LISTED RECORDS Start Marker

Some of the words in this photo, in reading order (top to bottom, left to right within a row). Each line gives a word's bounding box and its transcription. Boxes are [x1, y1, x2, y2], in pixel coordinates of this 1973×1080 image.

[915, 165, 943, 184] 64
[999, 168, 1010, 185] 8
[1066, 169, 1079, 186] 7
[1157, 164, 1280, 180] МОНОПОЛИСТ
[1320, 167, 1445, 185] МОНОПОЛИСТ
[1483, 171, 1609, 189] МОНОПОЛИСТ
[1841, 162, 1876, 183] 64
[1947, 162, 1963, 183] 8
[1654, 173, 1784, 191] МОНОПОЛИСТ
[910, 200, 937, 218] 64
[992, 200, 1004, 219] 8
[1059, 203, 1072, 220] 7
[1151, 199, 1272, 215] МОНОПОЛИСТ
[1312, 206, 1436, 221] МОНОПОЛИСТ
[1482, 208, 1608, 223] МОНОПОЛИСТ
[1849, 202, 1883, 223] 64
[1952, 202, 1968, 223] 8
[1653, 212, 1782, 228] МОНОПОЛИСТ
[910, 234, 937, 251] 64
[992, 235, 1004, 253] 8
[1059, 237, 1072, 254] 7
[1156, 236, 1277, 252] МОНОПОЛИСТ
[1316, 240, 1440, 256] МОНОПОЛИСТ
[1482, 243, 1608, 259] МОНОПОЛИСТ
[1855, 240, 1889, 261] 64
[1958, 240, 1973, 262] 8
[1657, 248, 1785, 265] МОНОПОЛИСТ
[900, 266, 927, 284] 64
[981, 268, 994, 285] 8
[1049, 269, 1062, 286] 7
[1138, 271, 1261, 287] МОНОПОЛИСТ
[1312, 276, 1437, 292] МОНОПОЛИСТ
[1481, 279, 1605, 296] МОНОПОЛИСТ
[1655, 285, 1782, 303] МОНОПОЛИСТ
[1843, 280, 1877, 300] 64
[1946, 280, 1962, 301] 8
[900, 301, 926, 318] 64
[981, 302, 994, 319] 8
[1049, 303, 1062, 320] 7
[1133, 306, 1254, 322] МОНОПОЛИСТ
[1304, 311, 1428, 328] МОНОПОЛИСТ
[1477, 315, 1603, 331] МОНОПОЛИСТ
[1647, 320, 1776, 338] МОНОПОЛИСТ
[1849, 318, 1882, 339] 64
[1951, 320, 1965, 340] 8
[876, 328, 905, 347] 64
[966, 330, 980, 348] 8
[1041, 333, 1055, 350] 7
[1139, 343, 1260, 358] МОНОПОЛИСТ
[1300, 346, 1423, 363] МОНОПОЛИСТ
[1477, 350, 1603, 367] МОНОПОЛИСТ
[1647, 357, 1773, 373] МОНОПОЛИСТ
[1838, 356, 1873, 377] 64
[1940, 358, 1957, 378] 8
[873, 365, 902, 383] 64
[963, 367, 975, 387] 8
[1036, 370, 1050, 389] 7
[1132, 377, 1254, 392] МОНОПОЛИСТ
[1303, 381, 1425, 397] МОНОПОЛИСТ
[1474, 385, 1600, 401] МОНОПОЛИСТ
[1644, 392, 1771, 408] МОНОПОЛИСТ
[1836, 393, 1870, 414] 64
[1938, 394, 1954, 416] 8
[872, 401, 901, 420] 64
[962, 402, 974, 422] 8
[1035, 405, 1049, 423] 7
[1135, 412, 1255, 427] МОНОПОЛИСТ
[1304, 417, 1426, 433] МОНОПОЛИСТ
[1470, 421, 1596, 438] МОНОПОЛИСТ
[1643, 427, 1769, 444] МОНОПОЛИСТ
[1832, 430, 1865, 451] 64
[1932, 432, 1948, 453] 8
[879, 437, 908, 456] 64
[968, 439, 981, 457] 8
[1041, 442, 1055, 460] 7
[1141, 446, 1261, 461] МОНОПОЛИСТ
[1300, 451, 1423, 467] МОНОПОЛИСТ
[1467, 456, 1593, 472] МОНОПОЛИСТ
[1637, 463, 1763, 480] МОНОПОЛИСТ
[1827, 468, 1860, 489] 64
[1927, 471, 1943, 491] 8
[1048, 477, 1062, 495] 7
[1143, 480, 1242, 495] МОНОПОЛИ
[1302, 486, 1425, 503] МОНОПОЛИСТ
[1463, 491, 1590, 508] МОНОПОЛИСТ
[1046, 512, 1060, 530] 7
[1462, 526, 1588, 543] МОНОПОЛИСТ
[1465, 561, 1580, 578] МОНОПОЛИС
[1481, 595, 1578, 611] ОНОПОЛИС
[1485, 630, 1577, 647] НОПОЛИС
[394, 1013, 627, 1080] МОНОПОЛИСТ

LISTED RECORDS End Marker

### WHAT THE TASK REQUIRES
The material is to be written out again in full, with no word altered.

### ANSWER BELOW
Some of the words in this photo, in reading order (top to bottom, left to right within a row). Each line gives a word's bounding box and its transcription. Boxes are [x1, y1, x2, y2], in pixel coordinates of this 1973×1080 image.

[915, 165, 943, 184] 64
[999, 168, 1010, 185] 8
[1066, 169, 1079, 186] 7
[1157, 164, 1280, 180] МОНОПОЛИСТ
[1320, 167, 1445, 185] МОНОПОЛИСТ
[1483, 171, 1609, 189] МОНОПОЛИСТ
[1841, 162, 1876, 183] 64
[1947, 162, 1963, 183] 8
[1654, 173, 1784, 191] МОНОПОЛИСТ
[910, 200, 937, 218] 64
[992, 200, 1004, 219] 8
[1059, 203, 1072, 220] 7
[1151, 199, 1272, 215] МОНОПОЛИСТ
[1312, 206, 1436, 221] МОНОПОЛИСТ
[1482, 208, 1608, 223] МОНОПОЛИСТ
[1849, 202, 1883, 223] 64
[1952, 202, 1968, 223] 8
[1653, 212, 1782, 228] МОНОПОЛИСТ
[910, 234, 937, 251] 64
[992, 235, 1004, 253] 8
[1059, 237, 1072, 254] 7
[1156, 236, 1277, 252] МОНОПОЛИСТ
[1316, 240, 1440, 256] МОНОПОЛИСТ
[1482, 243, 1608, 259] МОНОПОЛИСТ
[1855, 240, 1889, 261] 64
[1958, 240, 1973, 262] 8
[1657, 248, 1785, 265] МОНОПОЛИСТ
[900, 266, 927, 284] 64
[981, 268, 994, 285] 8
[1049, 269, 1062, 286] 7
[1138, 271, 1261, 287] МОНОПОЛИСТ
[1312, 276, 1437, 292] МОНОПОЛИСТ
[1481, 279, 1605, 296] МОНОПОЛИСТ
[1655, 285, 1782, 303] МОНОПОЛИСТ
[1843, 280, 1877, 300] 64
[1946, 280, 1962, 301] 8
[900, 301, 926, 318] 64
[981, 302, 994, 319] 8
[1049, 303, 1062, 320] 7
[1133, 306, 1254, 322] МОНОПОЛИСТ
[1304, 311, 1428, 328] МОНОПОЛИСТ
[1477, 315, 1603, 331] МОНОПОЛИСТ
[1647, 320, 1776, 338] МОНОПОЛИСТ
[1849, 318, 1882, 339] 64
[1951, 320, 1965, 340] 8
[876, 328, 905, 347] 64
[966, 330, 980, 348] 8
[1041, 333, 1055, 350] 7
[1139, 343, 1260, 358] МОНОПОЛИСТ
[1300, 346, 1423, 363] МОНОПОЛИСТ
[1477, 350, 1603, 367] МОНОПОЛИСТ
[1647, 357, 1773, 373] МОНОПОЛИСТ
[1838, 356, 1873, 377] 64
[1940, 358, 1957, 378] 8
[873, 365, 902, 383] 64
[963, 367, 975, 387] 8
[1036, 370, 1050, 389] 7
[1132, 377, 1254, 392] МОНОПОЛИСТ
[1303, 381, 1425, 397] МОНОПОЛИСТ
[1474, 385, 1600, 401] МОНОПОЛИСТ
[1644, 392, 1771, 408] МОНОПОЛИСТ
[1836, 393, 1870, 414] 64
[1938, 394, 1954, 416] 8
[872, 401, 901, 420] 64
[962, 402, 974, 422] 8
[1035, 405, 1049, 423] 7
[1135, 412, 1255, 427] МОНОПОЛИСТ
[1304, 417, 1426, 433] МОНОПОЛИСТ
[1470, 421, 1596, 438] МОНОПОЛИСТ
[1643, 427, 1769, 444] МОНОПОЛИСТ
[1832, 430, 1865, 451] 64
[1932, 432, 1948, 453] 8
[879, 437, 908, 456] 64
[968, 439, 981, 457] 8
[1041, 442, 1055, 460] 7
[1141, 446, 1261, 461] МОНОПОЛИСТ
[1300, 451, 1423, 467] МОНОПОЛИСТ
[1467, 456, 1593, 472] МОНОПОЛИСТ
[1637, 463, 1763, 480] МОНОПОЛИСТ
[1827, 468, 1860, 489] 64
[1927, 471, 1943, 491] 8
[1048, 477, 1062, 495] 7
[1143, 480, 1242, 495] МОНОПОЛИ
[1302, 486, 1425, 503] МОНОПОЛИСТ
[1463, 491, 1590, 508] МОНОПОЛИСТ
[1046, 512, 1060, 530] 7
[1462, 526, 1588, 543] МОНОПОЛИСТ
[1465, 561, 1580, 578] МОНОПОЛИС
[1481, 595, 1578, 611] ОНОПОЛИС
[1485, 630, 1577, 647] НОПОЛИС
[394, 1013, 627, 1080] МОНОПОЛИСТ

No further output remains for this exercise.